The difference in the computational time is substantial (all the more since it only goes up to fibonacci[`10`]).

Let's count how many times each `fibo_vanilla_recursive(i)` is called when computing all `fibo_vanilla_recursive(k)` for `k` in `range(10)`. Repetition in computation with the vanilla Fibonacci recursion.

Viterbi algorithm: similar to the (`alpha`) Forward Algorithm, with `MAX()` instead of `SUM()`

Back to our question: The decoding of an observation sequence with a dynamic programming approach.

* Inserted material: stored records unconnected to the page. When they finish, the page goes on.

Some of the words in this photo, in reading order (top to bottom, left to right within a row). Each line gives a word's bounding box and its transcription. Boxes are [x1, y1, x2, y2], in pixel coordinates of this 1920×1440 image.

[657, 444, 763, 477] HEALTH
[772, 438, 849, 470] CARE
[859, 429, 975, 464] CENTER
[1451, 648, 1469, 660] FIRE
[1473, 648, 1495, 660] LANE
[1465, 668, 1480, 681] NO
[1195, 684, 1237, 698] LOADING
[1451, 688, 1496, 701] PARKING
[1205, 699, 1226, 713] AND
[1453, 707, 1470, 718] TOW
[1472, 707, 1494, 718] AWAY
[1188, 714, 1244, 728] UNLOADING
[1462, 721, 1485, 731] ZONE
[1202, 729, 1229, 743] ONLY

This is a maximization problem.

• The goal is to find the hidden state sequence [`lane_t=1`, `lane_t=2`, `lane_t=3`] that maximizes the joint probability `P`([`lane_t=1`, `lane_t=2`, `lane_t=3`], [`low speed` (`t=1`), `high speed` (`t=2`), `low speed` (`t=3`)]).
• It can be thought as a search for the SINGLE most likely path.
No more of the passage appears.